How to Verify Nasogastric Tube Placement

A nasogastric (NG) tube is a flexible tube inserted through the nose, down the esophagus, and into the stomach or small intestine. Healthcare providers use this device for delivering nutrition, administering medications, or decompressing the stomach by draining air and fluid. Confirming the tube’s exact location after insertion is paramount to patient safety because it passes close to the trachea and lungs. A misplaced tube can lead to severe complications, such as aspiration pneumonia, if fluids are mistakenly delivered into the respiratory tract.

Radiography: The Gold Standard Confirmation

Radiography, specifically a chest and upper abdominal X-ray, is the standard for confirming the initial placement of a nasogastric tube. This imaging technique provides definitive, visual confirmation of the tube’s entire path and the precise location of its tip. The X-ray must be obtained immediately after insertion and before any substance is administered through the tube.

Interpreting the radiograph requires tracing the tube’s course from the nares, past the esophagus, and across the diaphragm. For correct gastric placement, the tube’s tip should be clearly visible below the left hemi-diaphragm, typically positioned in the body of the stomach. Radiography is the only method that can reliably distinguish between the stomach, esophagus, or lungs, preventing potentially fatal errors.

While X-ray confirmation is highly accurate, misinterpretation can occur. Proper radiographic interpretation requires looking at the tube’s entire trajectory to ensure it does not deviate into the trachea or bronchus. Imaging remains the most secure method for initial verification, especially in patients unable to communicate discomfort or who have a suppressed gag reflex.

Chemical Confirmation Using pH Testing

After initial radiographic confirmation, chemical testing of the tube’s aspirate is the primary bedside verification method. This is used when an X-ray is impractical for every check. The method involves gently aspirating a small amount of fluid and testing its acidity using specialized pH indicator strips to confirm the tube tip is resting in the highly acidic environment of the stomach.
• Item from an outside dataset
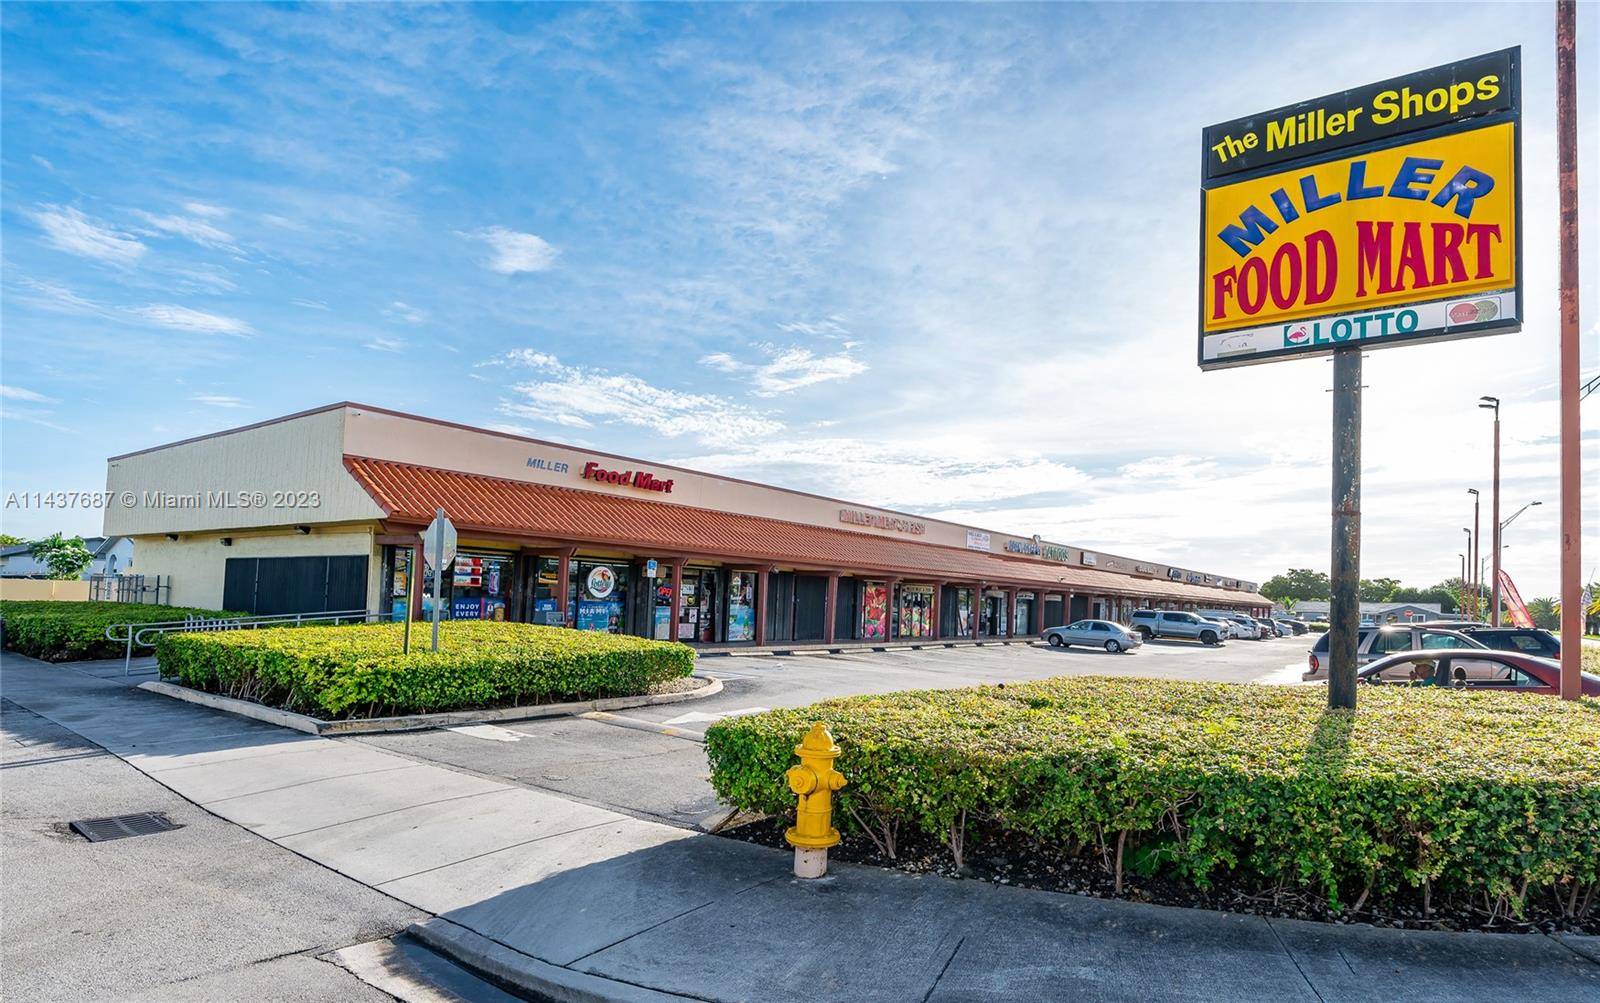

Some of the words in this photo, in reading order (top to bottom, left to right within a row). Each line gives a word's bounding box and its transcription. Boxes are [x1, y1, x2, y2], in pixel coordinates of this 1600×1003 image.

Stomach contents typically have a pH ranging from 1 to 5.5 due to hydrochloric acid. If the tube is correctly placed, the aspirate sample should register at or below 5.5 on the test strip. Respiratory secretions from the lungs are generally alkaline, with a pH of 6 or higher.

If the pH reading is above 5.5, it may suggest the tube is misplaced in the respiratory tract, coiled in the esophagus, or positioned in the intestine (which usually registers between 6 and 7). A high pH can also occur if the patient is receiving acid-suppressing medications or continuous tube feeds. To avoid a falsely high reading, pause continuous feeds for 15 to 30 minutes before testing.

If a pH reading above 5.5 is obtained, or if aspirate cannot be obtained, the tube’s position must be re-verified immediately, usually by obtaining a new X-ray, before any feeding or medication is delivered.

Identifying and Avoiding Unreliable Techniques

Historically, several methods used to check nasogastric tube placement are now known to be unreliable and potentially dangerous. The most commonly cited unsafe practice is the auscultatory method, sometimes called the “whoosh test” or air injection technique. This technique involves injecting a bolus of air into the tube while listening with a stethoscope over the epigastric area for a characteristic “whooshing” sound.

This method is highly discouraged because sound transmission through the chest is variable and cannot reliably distinguish between the stomach, esophagus, or lungs. A sound similar to the gastric “whoosh” can be heard when air enters the esophagus or the tracheobronchial tree, leading to a false sense of security. Studies have demonstrated that a significant percentage of tubes incorrectly identified as being in the stomach using this method were actually misplaced.

Other unreliable practices include observing for the patient’s cough reflex or submerging the end of the tube in water (the “bubble test”). The absence of coughing is misleading, especially in patients with decreased consciousness or impaired reflexes. The presence or absence of bubbles in water is also not a reliable indicator of correct placement and should not be used.

Ongoing Tube Checks and Monitoring

Confirmation of placement is a continuous process required throughout the time a patient has an NG tube. Before administering any feed, fluid, or medication, the tube’s position must be checked for migration. Tube migration is common and can be caused by coughing, vomiting, or changes in the patient’s body position.

A simple ongoing check is to inspect the external markings where the tube exits the nares. The tube should be secured with tape, and the external length noted after initial confirmation. Any significant change in this length suggests the tube has moved and requires further verification before use.

Visual assessment of the aspirated fluid (typically clear, grassy green, or tan) can provide a clue, but it must be paired with the chemical pH test. If there is any doubt about the tube’s location, or if the patient shows new signs of respiratory distress, the tube should not be used, and re-verification via pH testing or radiography is mandatory.